Two nights ago, the preschooler at the house who is very territorial, was kicking and hitting my boy, who outweighs him by fifty pounds. My boy is strong, and built like a linebacker. He knows martial art and is very tough.
He didn't want to play with this kid because the preschooler was being too aggressive.
He also didn't want to hurt the boy by fighting back.
He ran to the bathroom to get away from this kid who is hard to control.We had an escape plan in advance. (He has told me to shut up, F-you, I hate you, you are evil, I don't like you, and also tried to spit/kick/hit me. In front of his parents! He also says the same to his mom--F-you, I hate you! Abusive behavior escalates so we came up with a plan just in case.)
The kid chased my boy, opened the locked bathroom door, and pinched so hard he drew blood. My son does not cry easily, but this hurt. It was difficult to console him after this attack.
We needed the older brother to contain the kid.
I have responded by ignoring the child completely. It is my right to keep peace in my world as best as I can. I love this child, but I love my peace more, and am loving from a distance. The parents are out for the night with a mutual friend, and I offered to stay with the kids.
My son has learned from the father what works to control this child: humor and play.
He has been telling stories like Scherezade, like Ruslan and Ludmilla, and playing until the kid laughs with delight. Now they are playing and wrestling. My son has forgiven and moved the relationship forward where I have chosen to forgive and disengage.

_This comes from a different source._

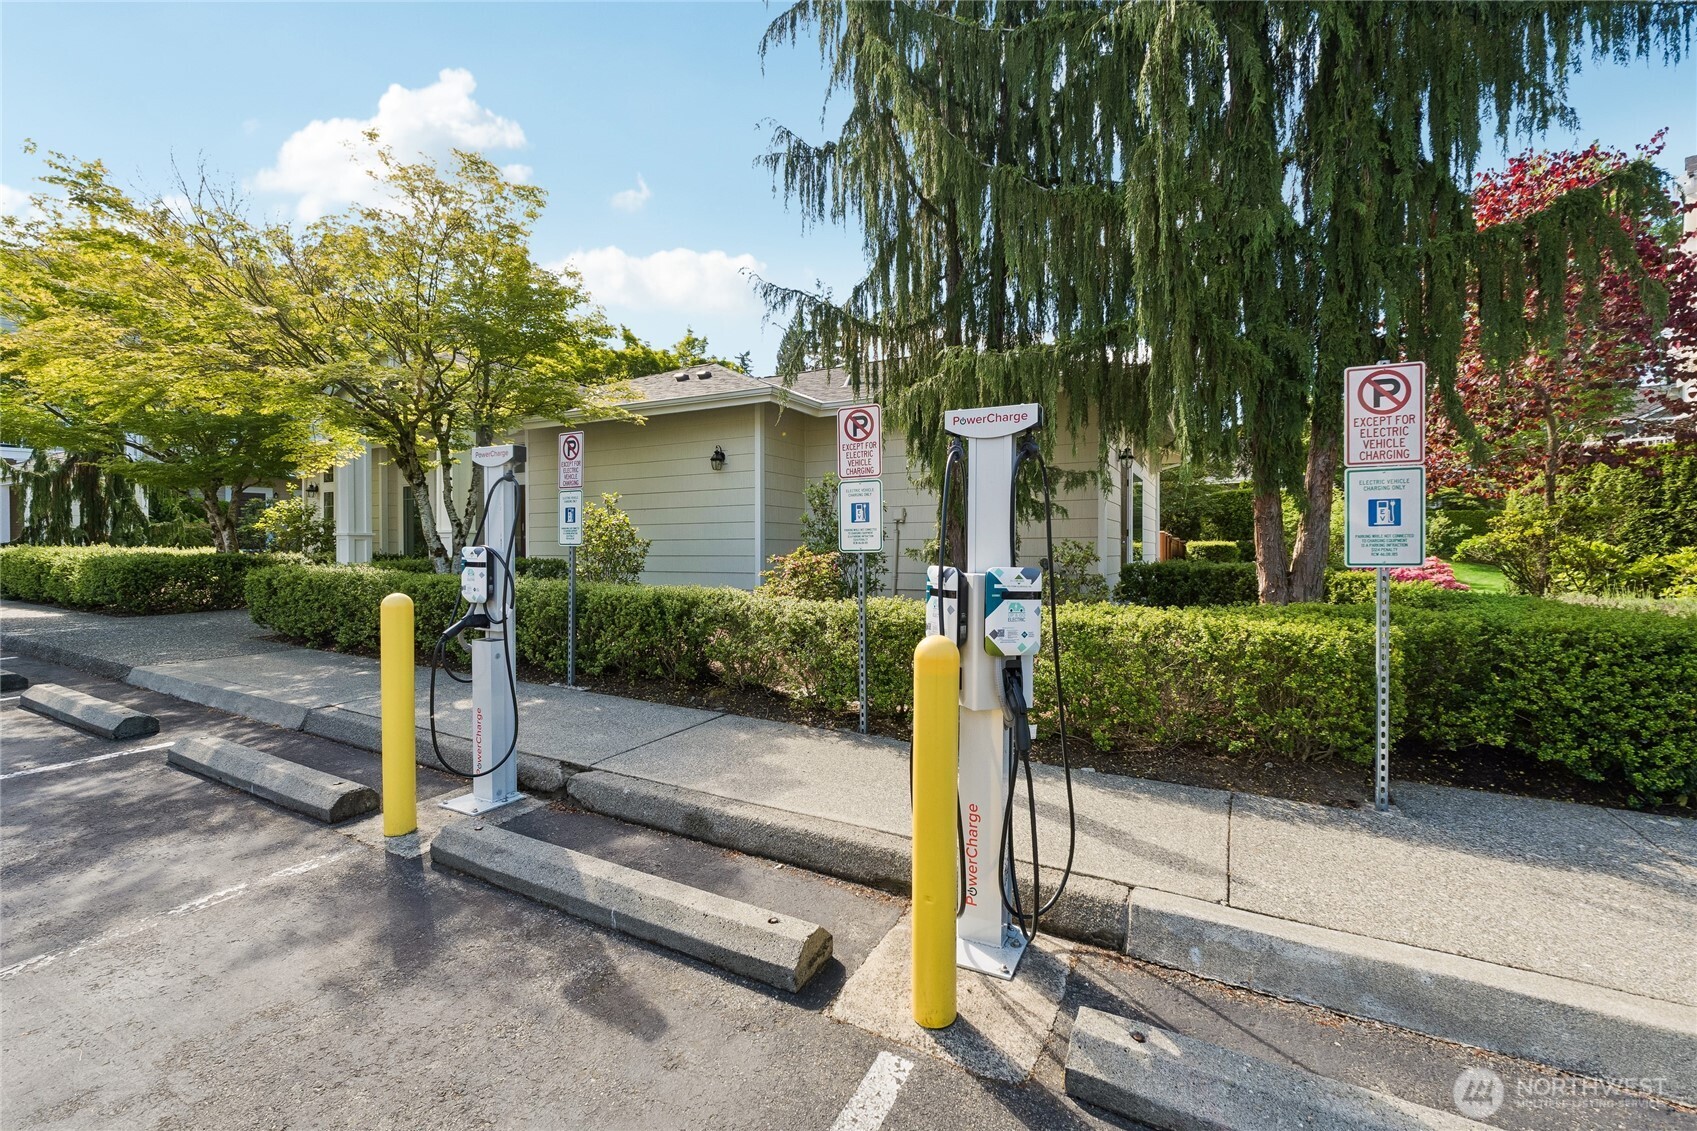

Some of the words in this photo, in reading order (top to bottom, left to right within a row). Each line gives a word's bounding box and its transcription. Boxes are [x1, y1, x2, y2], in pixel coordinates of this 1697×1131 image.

That is why I am humbled by his humanity.
And because of his wise action, and Right Action, I am safe from emotional attack.
I am not being called the F-word.
There is Peace.
And I am thankful.
Never had I thought the child I carried would be a knight in shining armor for me.
Tonight he is.
We leave for another island tomorrow.
This family is close, and our souls are bonded.
If I hadn't experienced this conflict, I would not have discovered how much Peace means to me. How to be strong in a hostile environment. To KNOW in my very bones that I NEVER have to expose myself to verbal abuse, in any form, not even from someone who is under three feet tall. This situation is absolutely ridiculous, and I know it says so much to me to learn to set my boundaries emotionally (this is big for a survivor of abuse).
I know to follow my heart and make sure this child-who says, 'shut up!' when I offer food while the parents are go-- is fed, even if it is by going through his brother. I anchor and hold my Vibration of Love. I see him watch me humming while I am working in the kitchen. He watches me unload the dishwasher carefully and with lovingkindness. He knows I care for his family, his mother who is my dear sweet friend. He even watched me when he thought I was asleep. He doesn't like me in his home, nor does he like anybody. But for now he is happy and engaged in play with his brother and my son.
He is the light of his father's eyes. I can see the love they share is beautiful, fresh, and complete between their hearts. It is wonderful to see the bond they have and how strong it is.
I thank God for all the lesson that has been given. It has made me stronger and everything is perfect for our development.
P.S. He just hit my son over the head twice with a sock filled with coins! Twice! If they were adults that would be considered assault, both the bleeding pinch and the coins to the head. How very sad. I ended a friendship--distanced it significantly--when they family bought a pit bull puppy. I just didn't want to take a chance. It looks like I am going to have to take steps with this family too. The personality is formed by this age. Kids like this need i.m. ketamine to anesthetize them--I have seen a handful of them, and one adult like this. There is risk to staff safety when one is this angry and lashes out. We give them tranquilizer, the same that is used in other areas as a dart, right to a big muscle with a needle through clothing, and back off until it takes effect. Some are that traumatized by the medical system that this is the only way to interact in a medical setting safely for the patient and everyone involved. It is hard to admit I am afraid of this child, but I am, and that's it.